__WHAT THE TASK ASKS__:
In the entries that follow, the lines from the line containing "this 1024×1024 image." up to and including the line containing "Some of the words" must be copied exactly, with pictures omitted.

__INPUT RECORDS__:
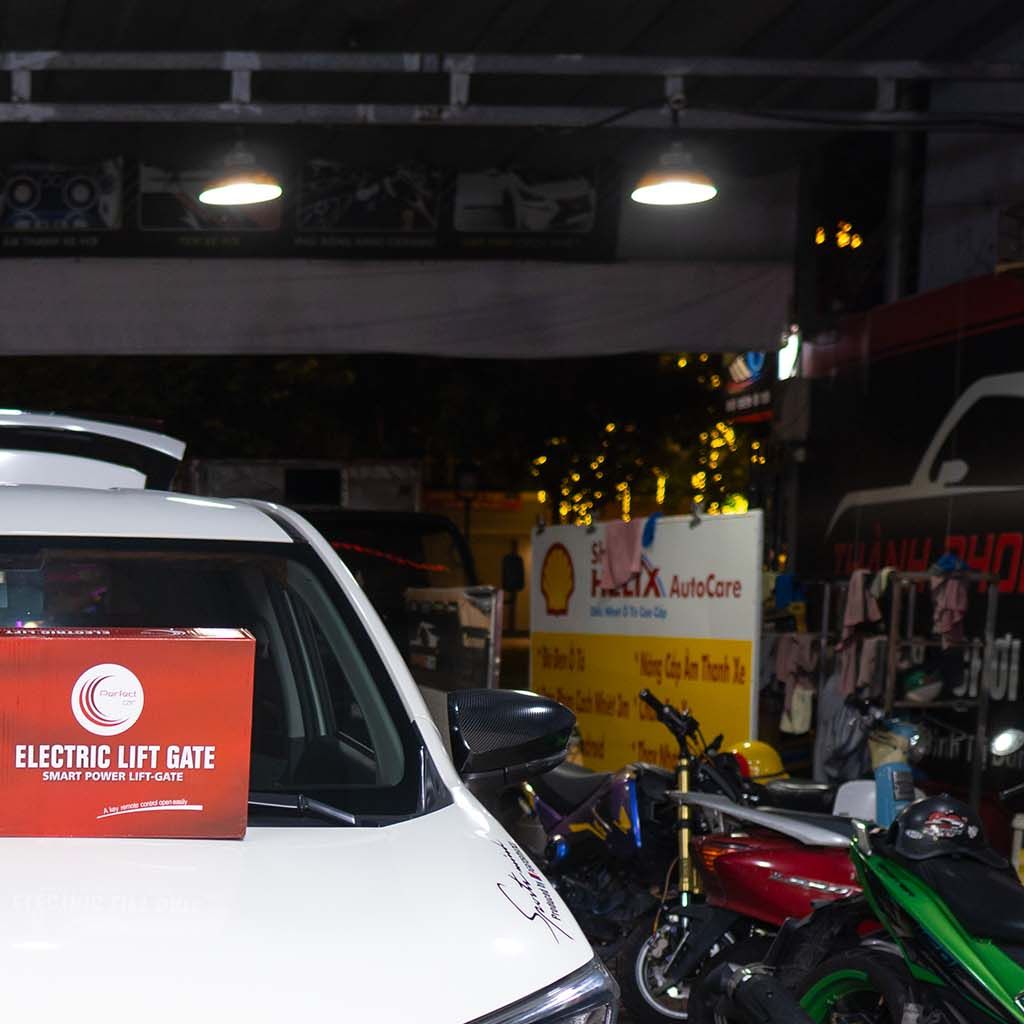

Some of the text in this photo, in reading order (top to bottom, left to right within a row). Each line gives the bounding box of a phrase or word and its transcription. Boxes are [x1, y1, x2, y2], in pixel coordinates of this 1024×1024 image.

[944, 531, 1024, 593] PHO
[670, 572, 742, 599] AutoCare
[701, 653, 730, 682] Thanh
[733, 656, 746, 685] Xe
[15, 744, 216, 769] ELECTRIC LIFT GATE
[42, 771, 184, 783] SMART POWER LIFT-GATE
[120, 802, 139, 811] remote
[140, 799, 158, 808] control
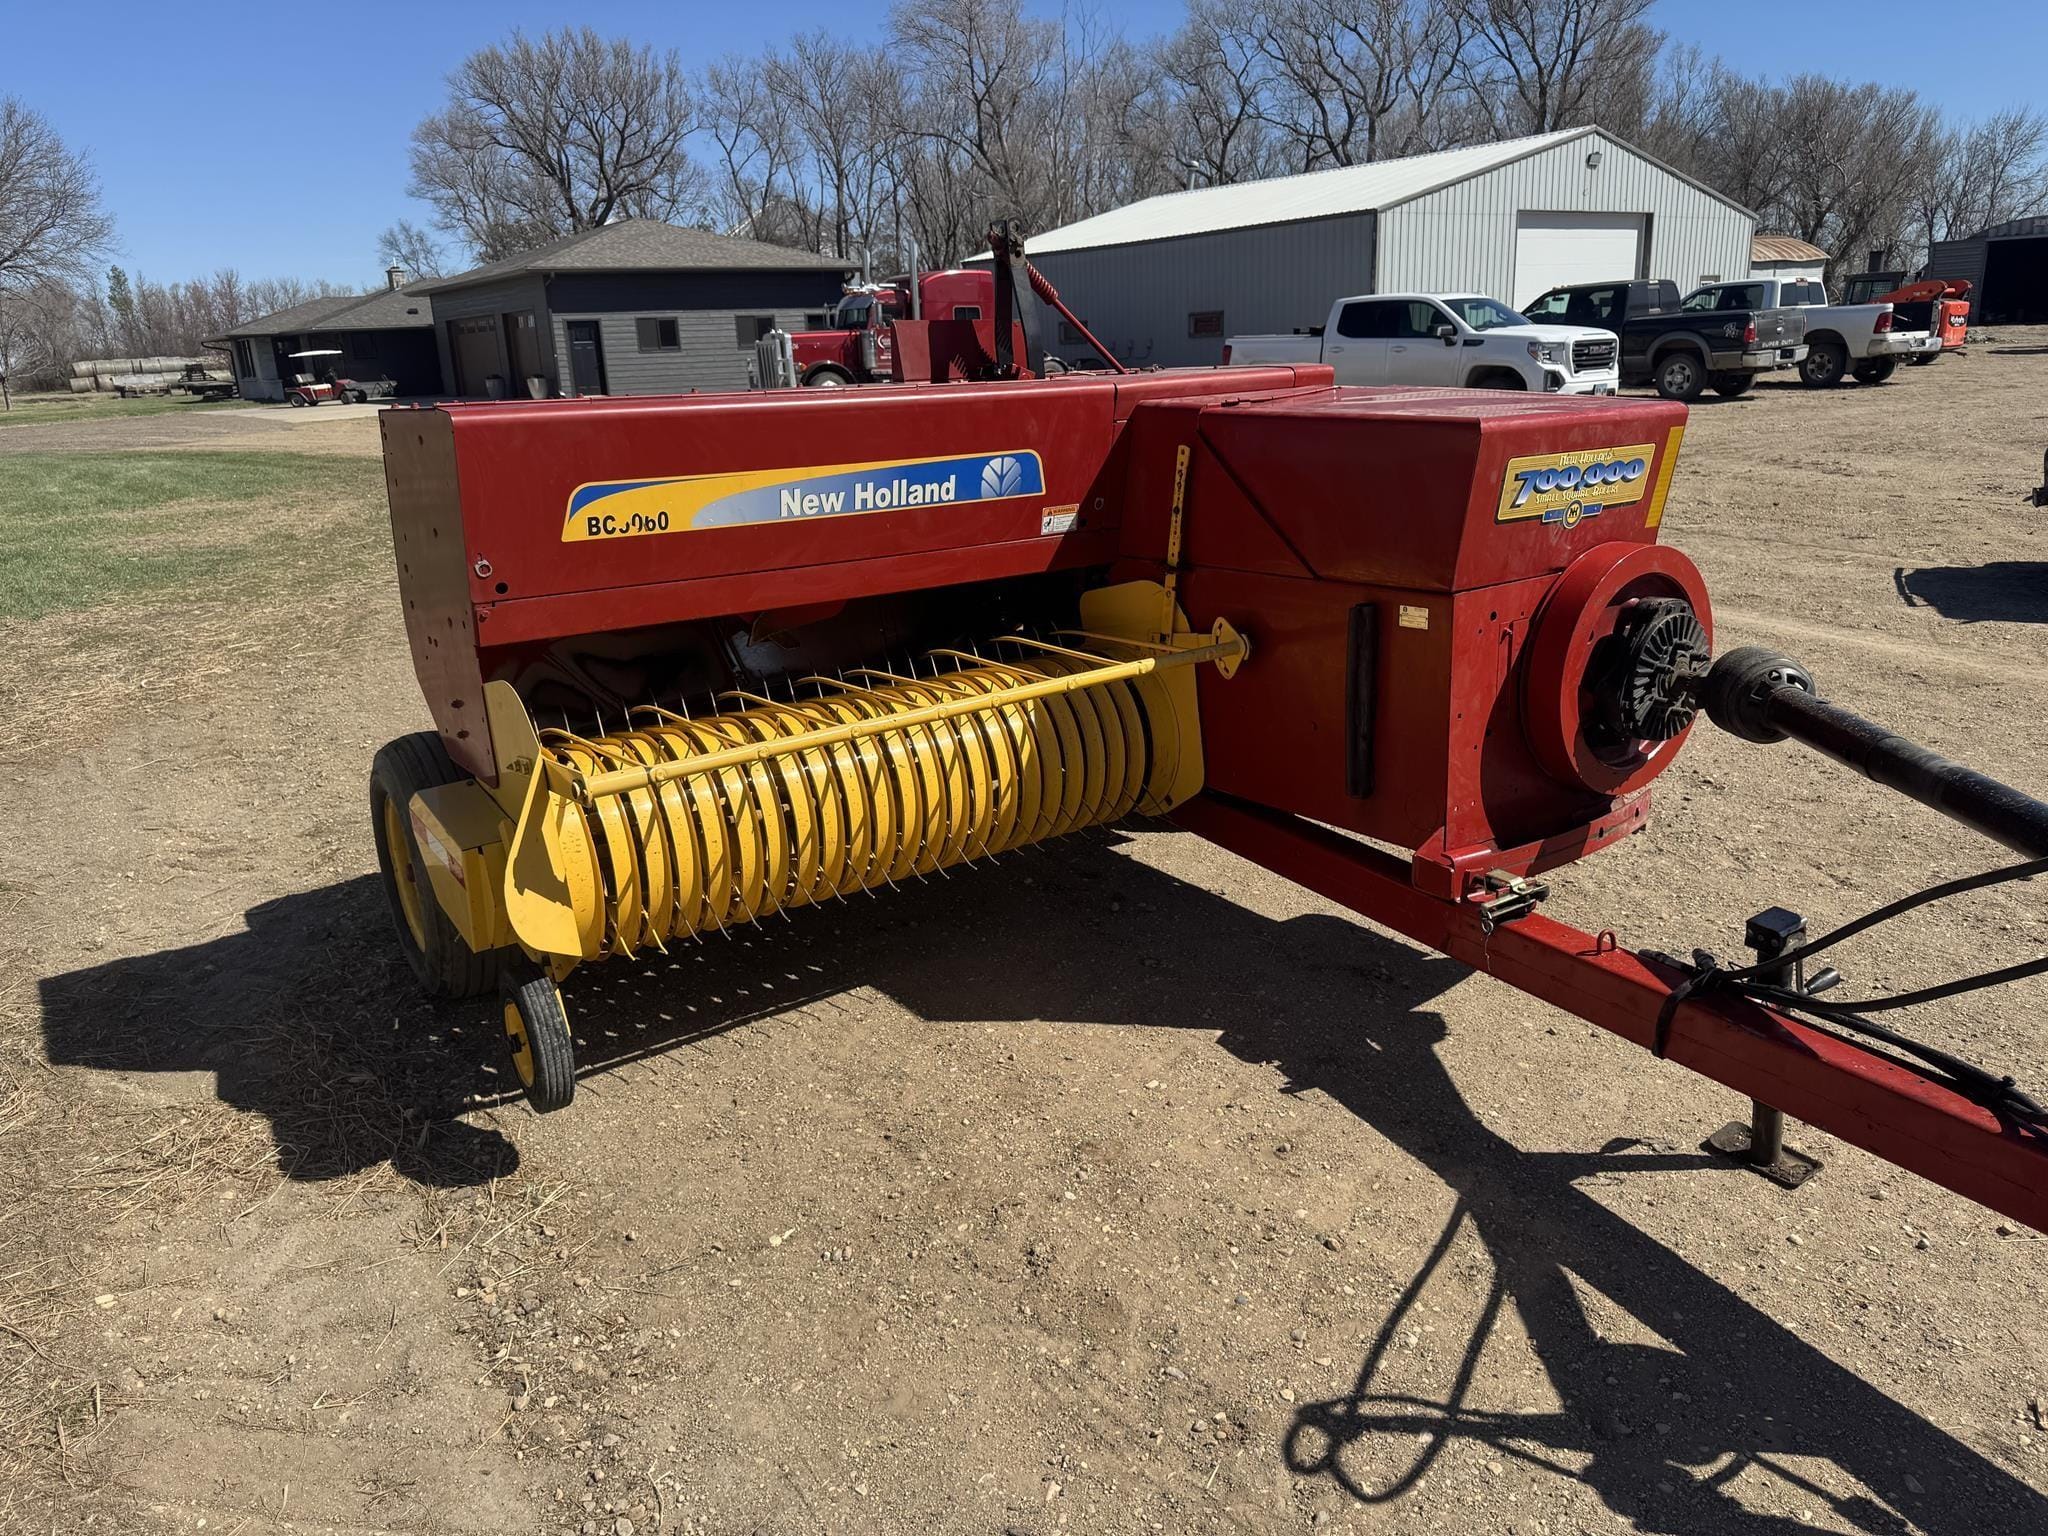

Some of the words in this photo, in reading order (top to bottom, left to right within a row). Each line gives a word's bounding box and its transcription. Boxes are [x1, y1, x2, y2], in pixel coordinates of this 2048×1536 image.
...
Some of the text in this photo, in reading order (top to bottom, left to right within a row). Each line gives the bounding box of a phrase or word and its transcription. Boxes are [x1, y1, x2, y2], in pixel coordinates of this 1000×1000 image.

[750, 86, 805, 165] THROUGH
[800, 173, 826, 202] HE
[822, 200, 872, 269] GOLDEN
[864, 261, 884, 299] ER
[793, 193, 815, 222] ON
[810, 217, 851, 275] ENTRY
...
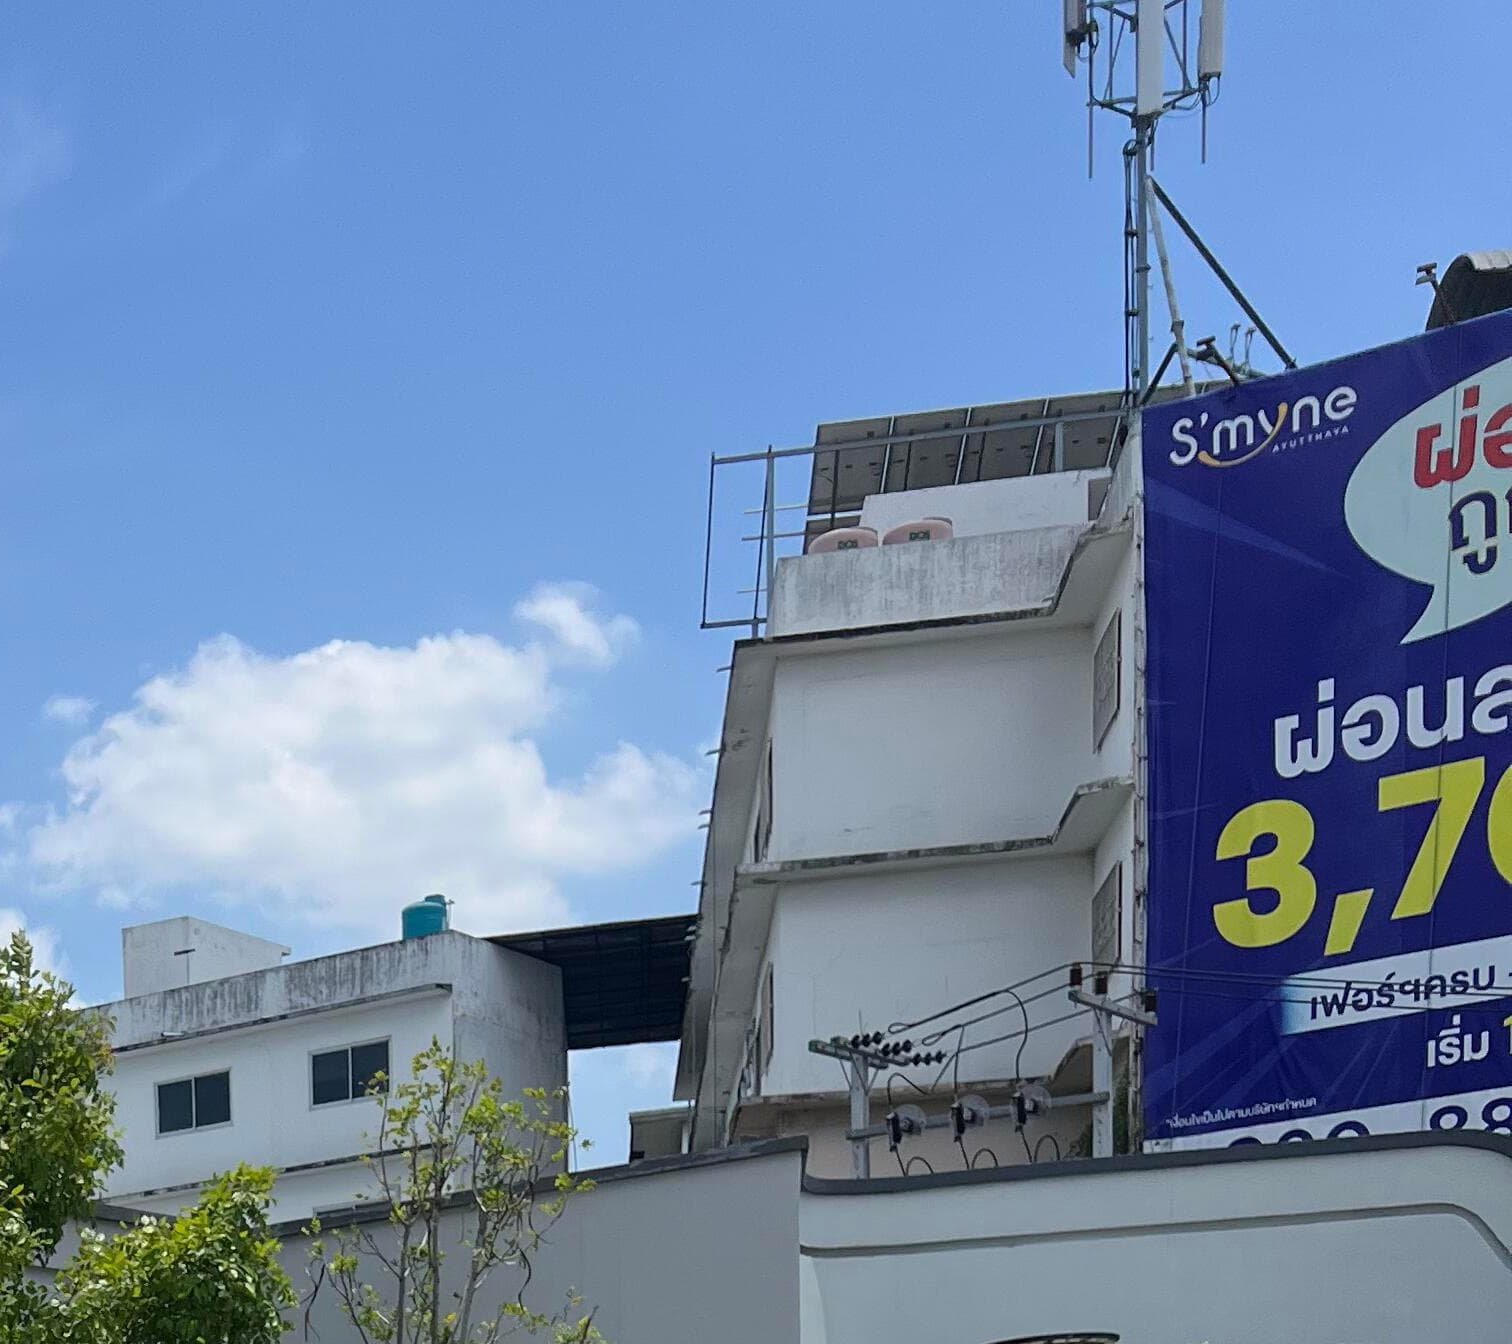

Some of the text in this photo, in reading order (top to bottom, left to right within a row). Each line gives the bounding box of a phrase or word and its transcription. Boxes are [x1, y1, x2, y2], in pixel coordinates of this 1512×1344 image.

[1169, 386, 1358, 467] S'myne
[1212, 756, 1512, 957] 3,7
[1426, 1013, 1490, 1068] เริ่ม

__OUTPUT OF THE EXERCISE__:
Some of the text in this photo, in reading order (top to bottom, left to right within a row). Each line gives the bounding box of a phrase or word and its transcription. Boxes are [x1, y1, x2, y2], in pixel coordinates of this 1024×1024 image.

[944, 531, 1024, 593] PHO
[670, 572, 742, 599] AutoCare
[701, 653, 730, 682] Thanh
[733, 656, 746, 685] Xe
[15, 744, 216, 769] ELECTRIC LIFT GATE
[42, 771, 184, 783] SMART POWER LIFT-GATE
[120, 802, 139, 811] remote
[140, 799, 158, 808] control

Some of the words in this photo, in reading order (top to bottom, left to right within a row). Each line gives a word's bounding box and its transcription. Boxes are [x1, y1, x2, y2], in pixel coordinates of this 2048×1536 image.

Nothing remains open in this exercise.